CuriousMarie·
Wikipedia
·1 hour ago

The Affair of the Dancing Lamas

History
The summary for this page mentions the publicity stunt, but the real story is the internal political fallout. It was not just a ban on climbers; the incident handed a victory to the conservative faction in the Tibetan government. They used the embarrassment of the monks dancing in London to argue against Western influence, which shifted the power balance away from the modernists who wanted to open the country. It turned a movie promo into a catalyst for isolationism. For those who like these kinds of tangents, it is worth linking this to the 1924 Mount Everest expedition to see the full scope of the filmmaker's ambitions.
5 comments

Comments

LurkingLorraine·1 hour ago

did the ban actually come from the conservatives or was it a reaction to british embassy pressure?

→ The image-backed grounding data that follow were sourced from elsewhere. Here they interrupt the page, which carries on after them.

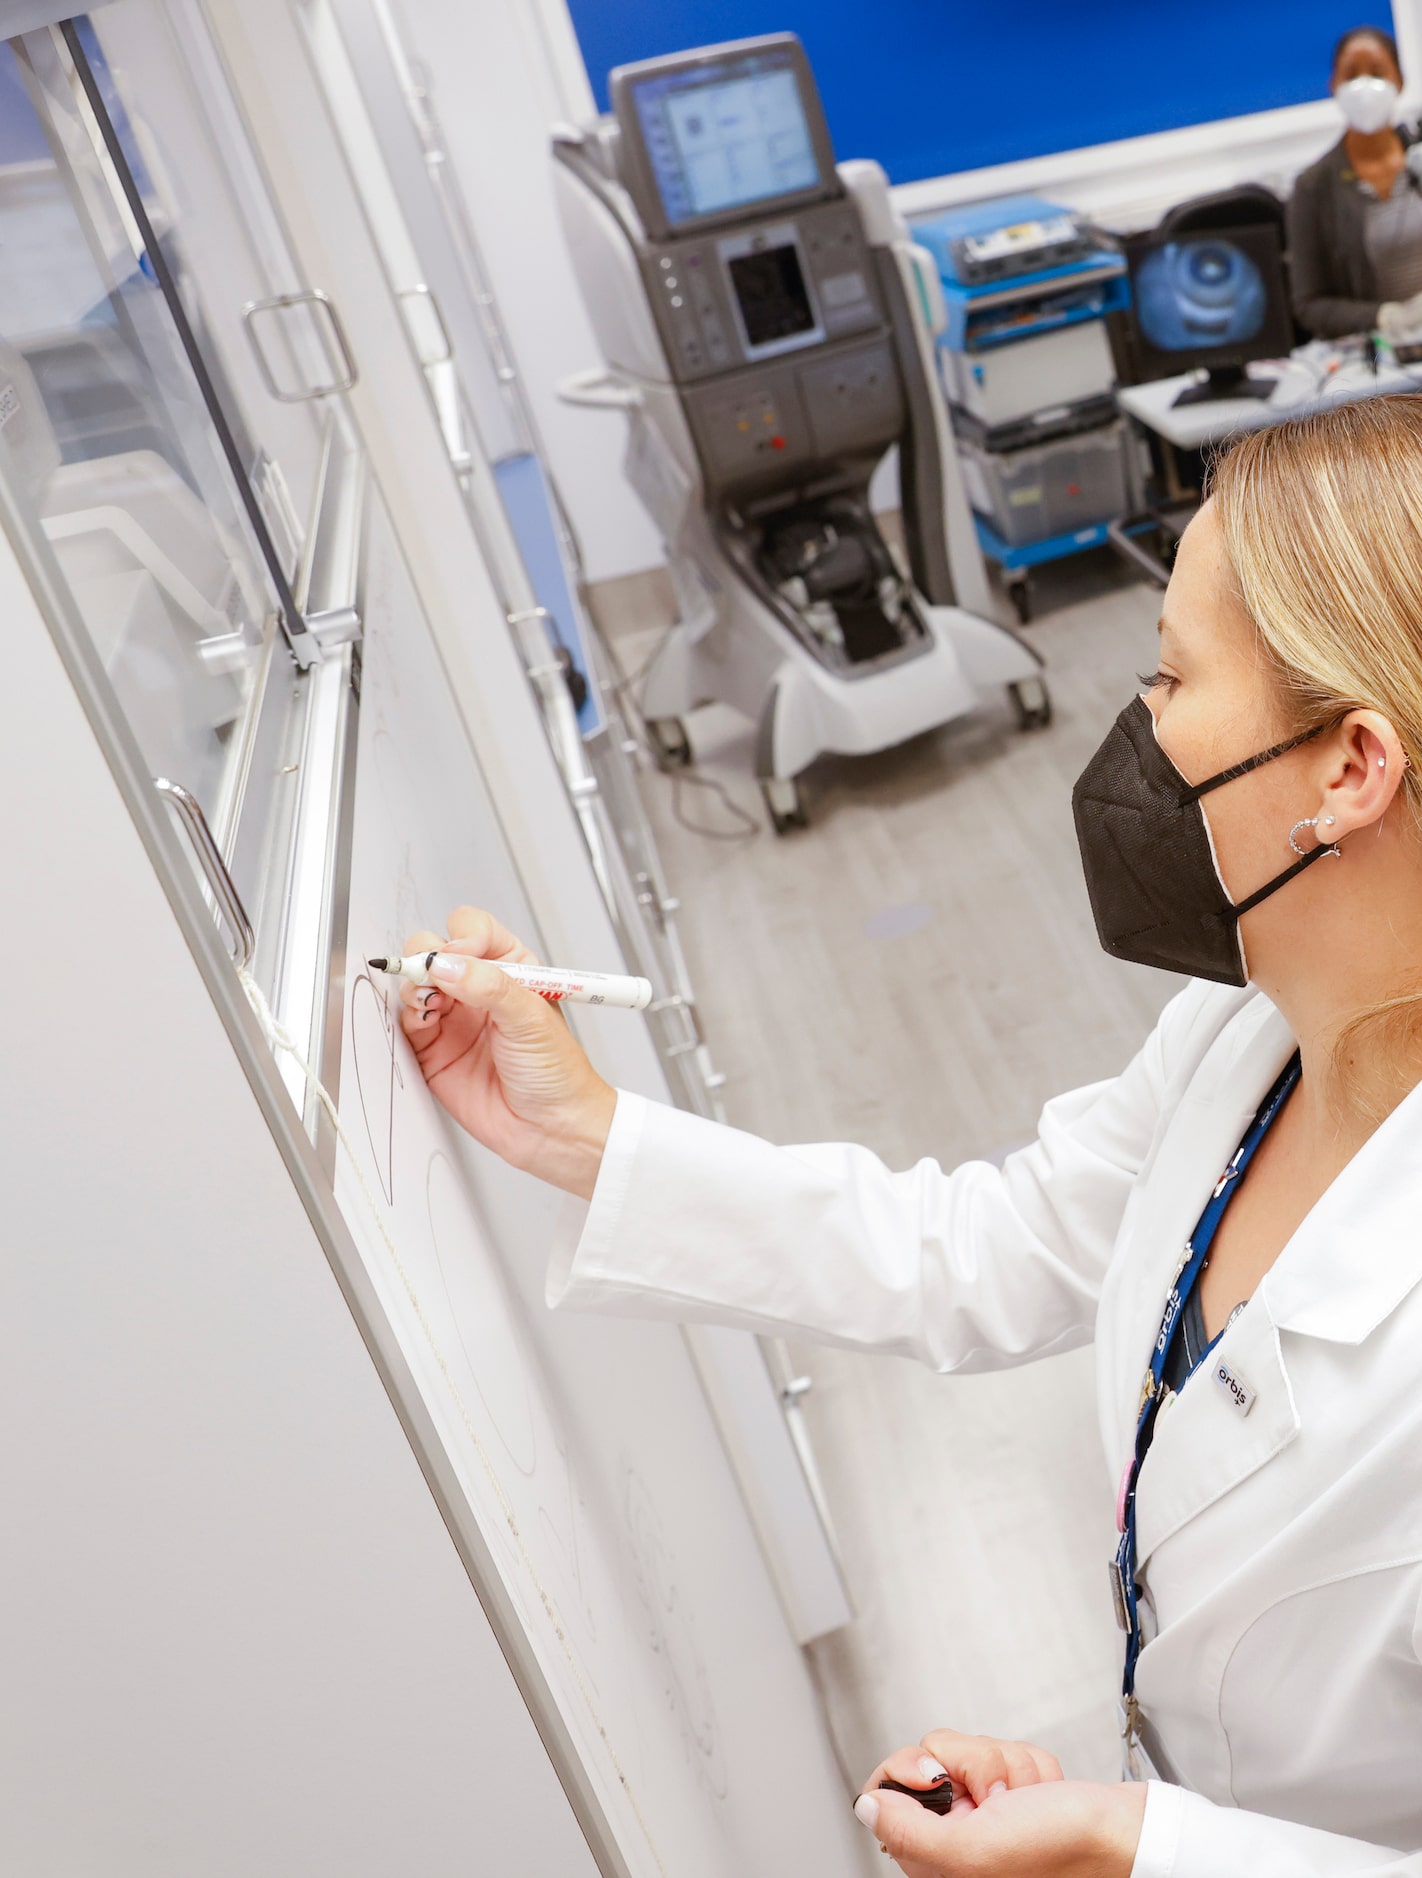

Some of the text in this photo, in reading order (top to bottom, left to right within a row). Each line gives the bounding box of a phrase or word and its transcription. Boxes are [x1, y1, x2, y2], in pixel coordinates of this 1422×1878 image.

[528, 979, 564, 989] CAP-OFF
[567, 984, 585, 993] TIME
[1157, 1288, 1180, 1352] orbis
[1217, 1367, 1247, 1405] orbis
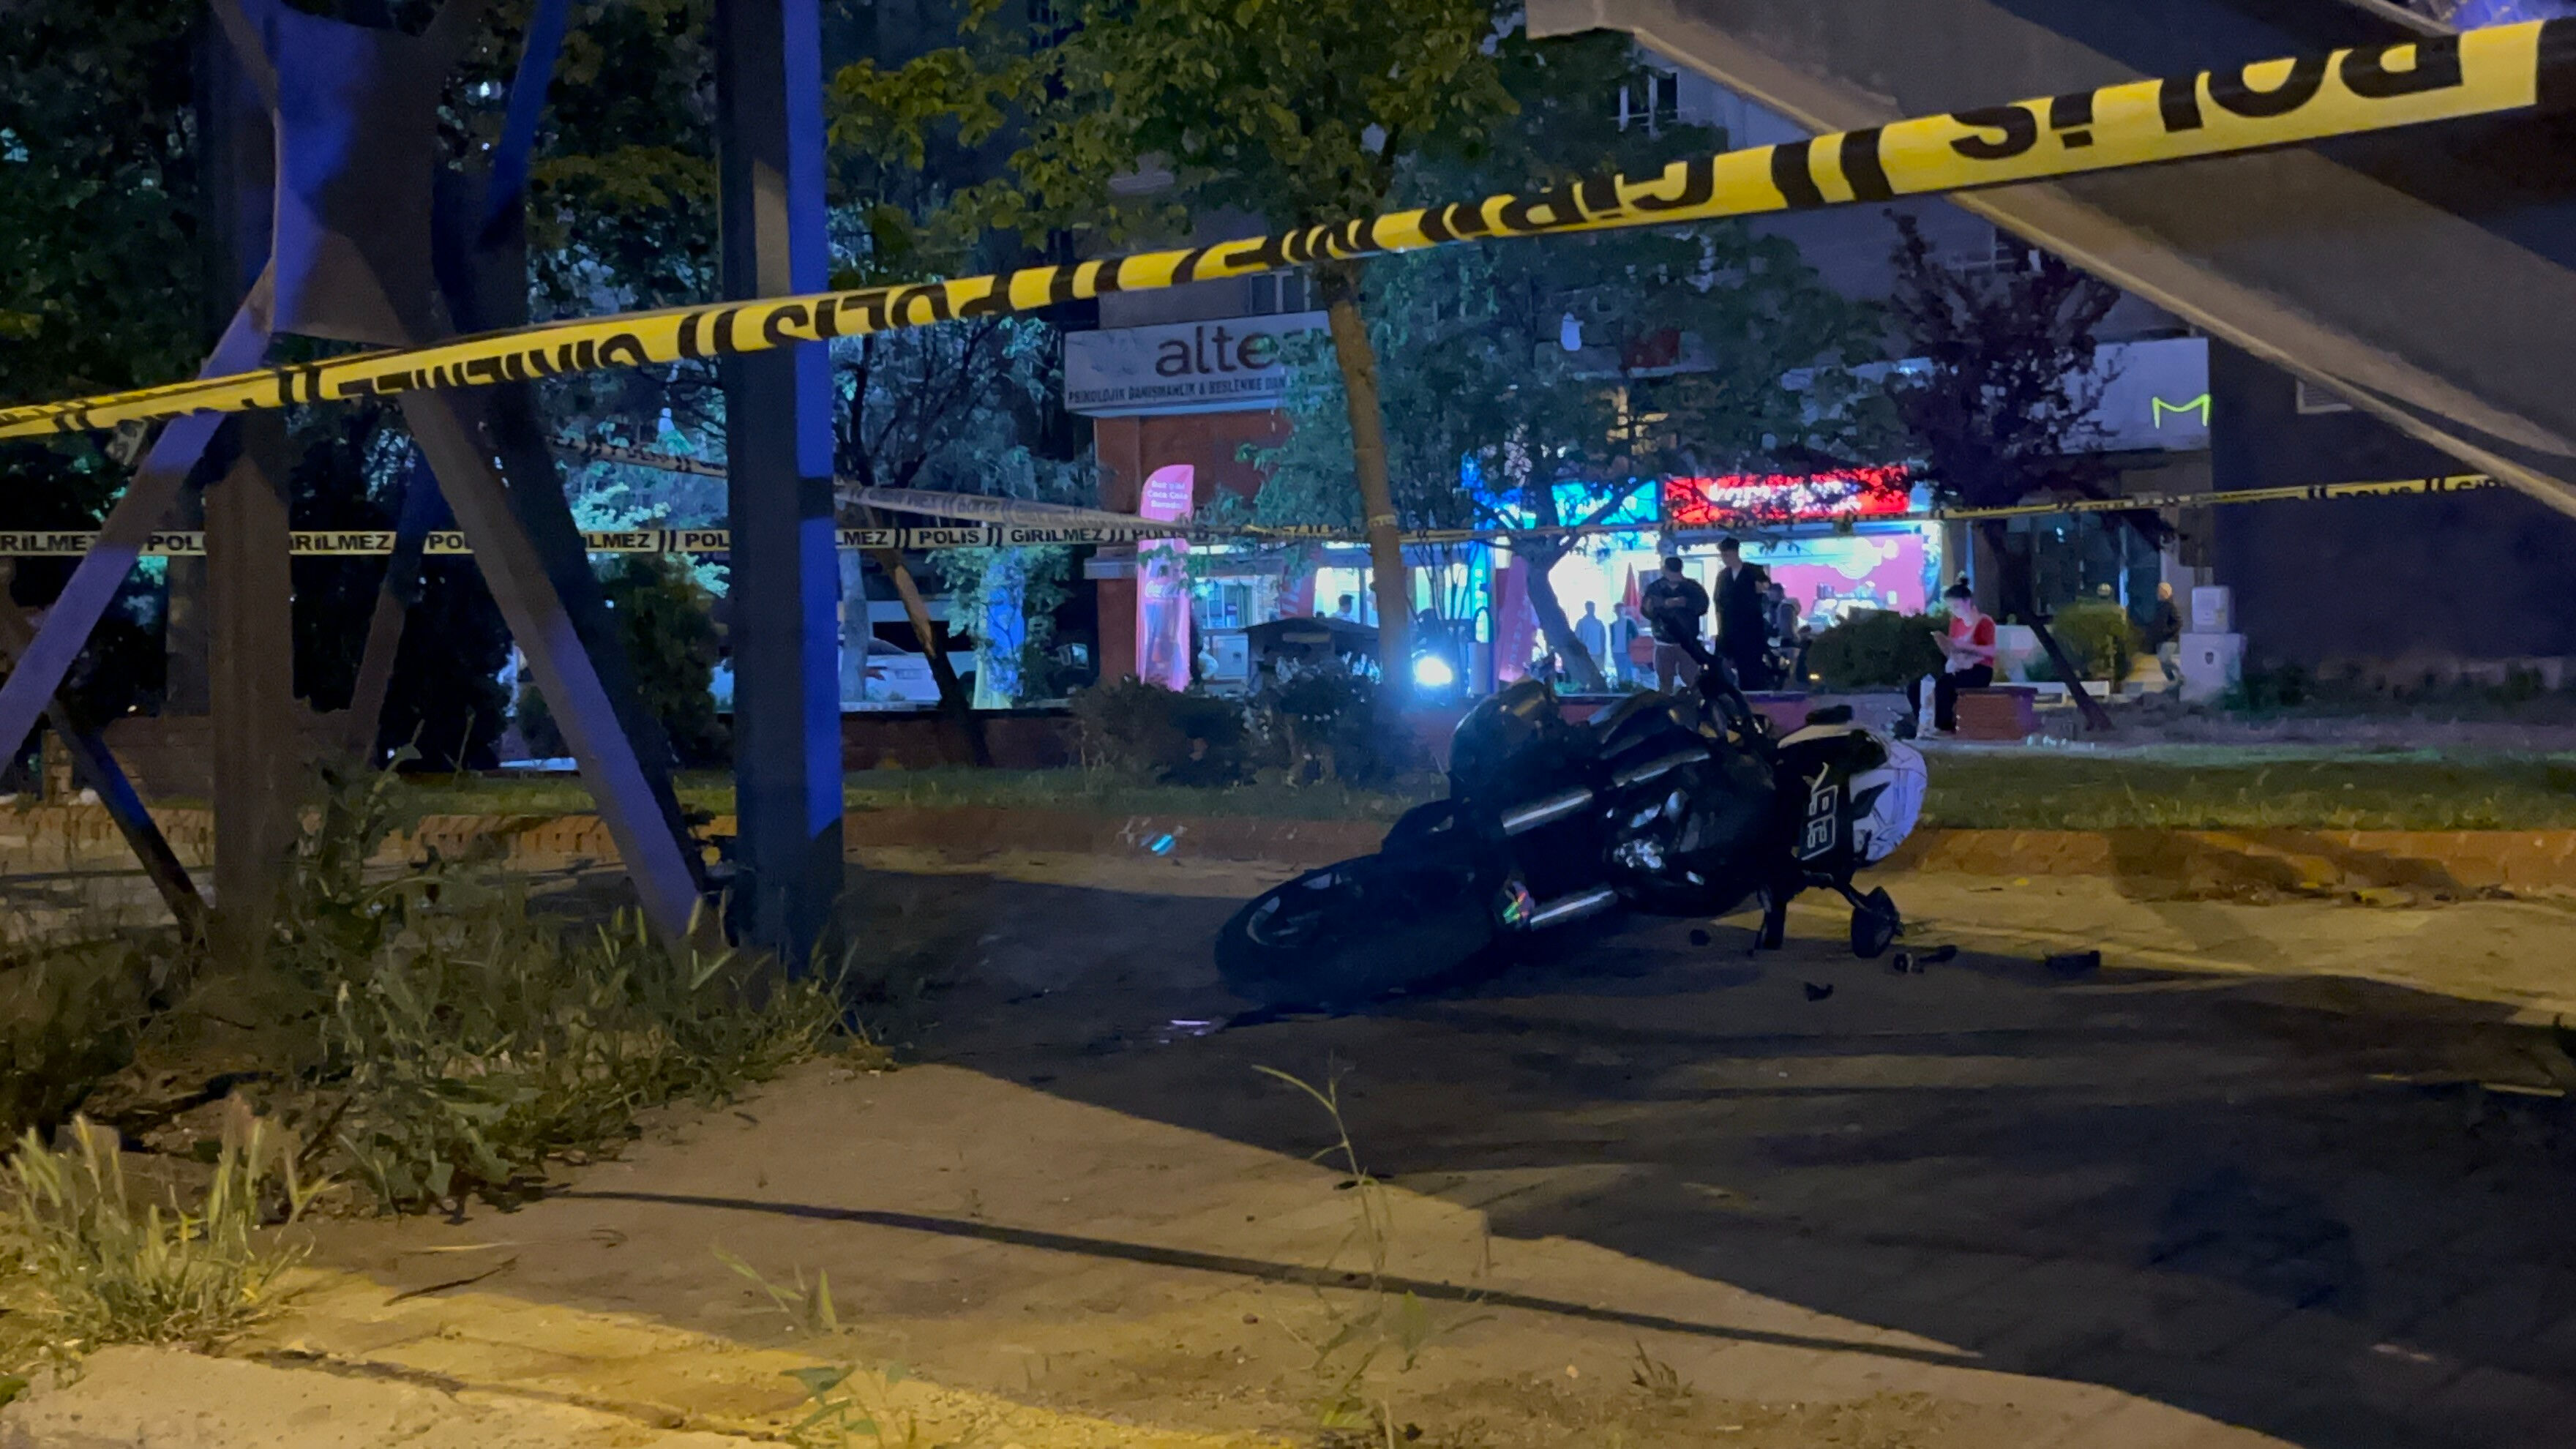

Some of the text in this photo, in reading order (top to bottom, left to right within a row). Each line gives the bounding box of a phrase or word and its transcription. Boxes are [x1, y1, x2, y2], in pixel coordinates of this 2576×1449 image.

[1155, 325, 1281, 378] alte
[0, 534, 97, 551] RILME
[148, 535, 206, 551] POL
[836, 531, 888, 546] MEZ
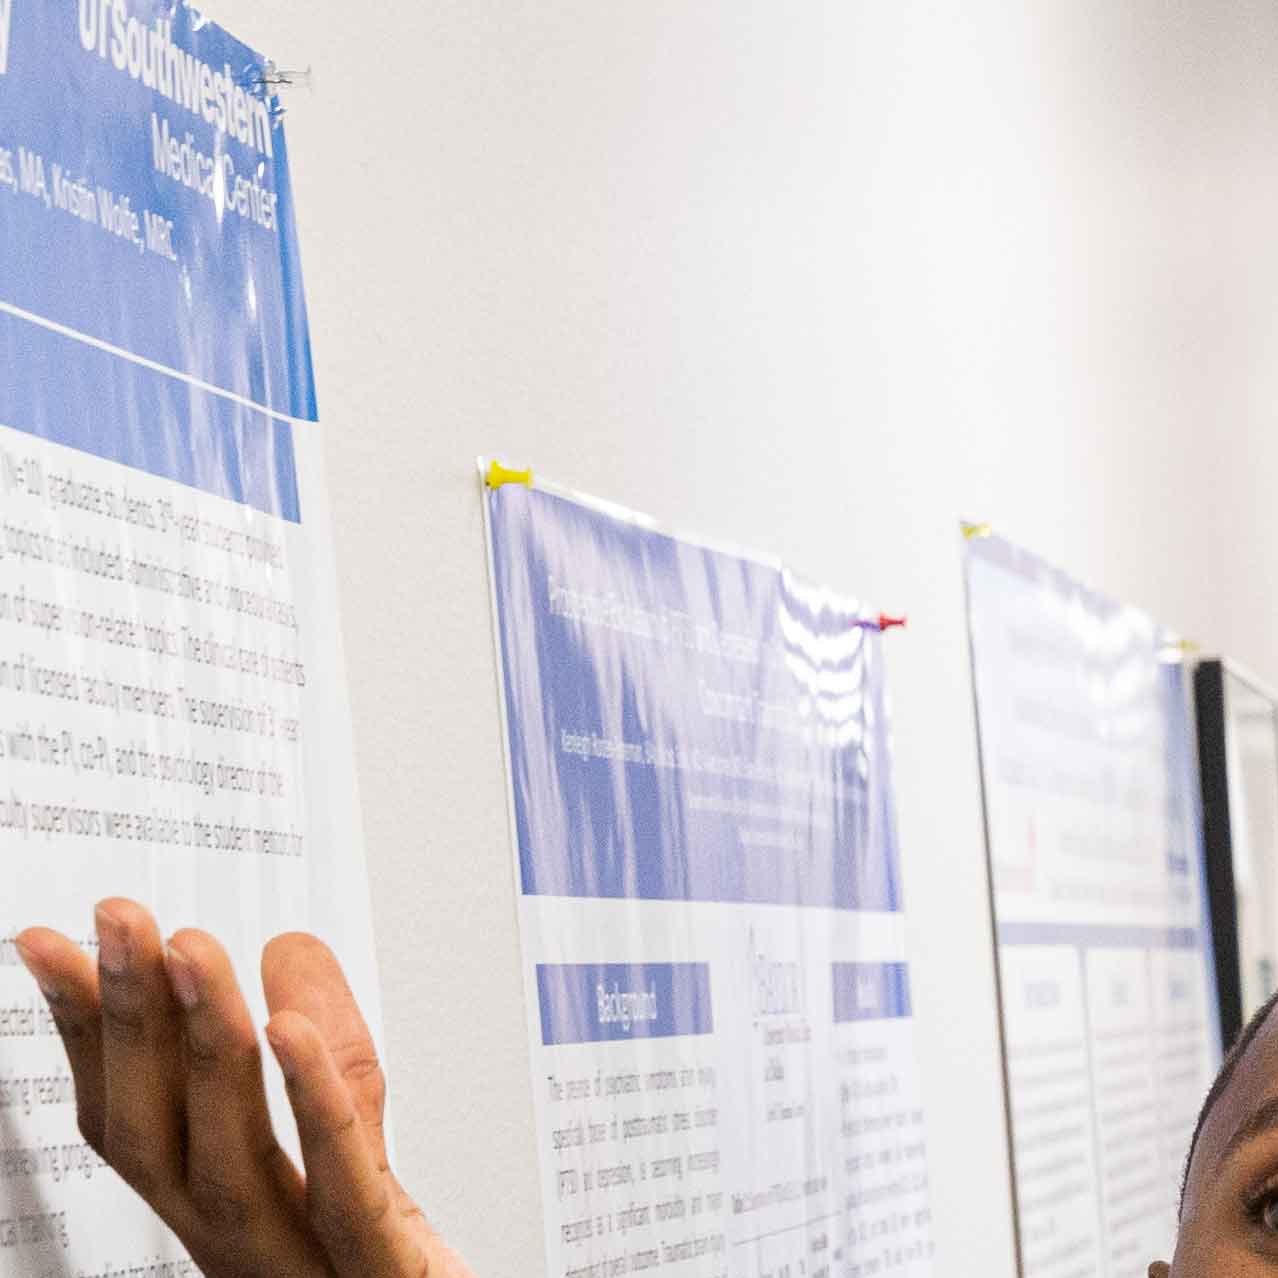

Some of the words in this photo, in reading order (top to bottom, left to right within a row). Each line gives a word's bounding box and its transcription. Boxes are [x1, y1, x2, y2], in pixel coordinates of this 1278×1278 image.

GrassrootsGreta·1 hour ago

In any administration, the people at the top blame the most visible mistake to push through an existing agenda. The dancing was just the easiest target for the conservative bloc to use.

SkepticalMike·1 hour ago

What primary sources link the shift in power specifically to the London event rather than the broader 1920s geopolitical climate?

HotTakeHarvey·1 hour ago

This isn't just a political shift. Is it actually the first recorded instance of a viral marketing disaster destroying foreign policy? The filmmakers essentially traded a nation's openness for a ticket sale.

ThreadDiggerTess·1 hour ago

The movie's budget constraints played a part too. Since the production struggled financially, they pushed the spectacle further, which directly fed the Western decadence narrative mentioned by the OP.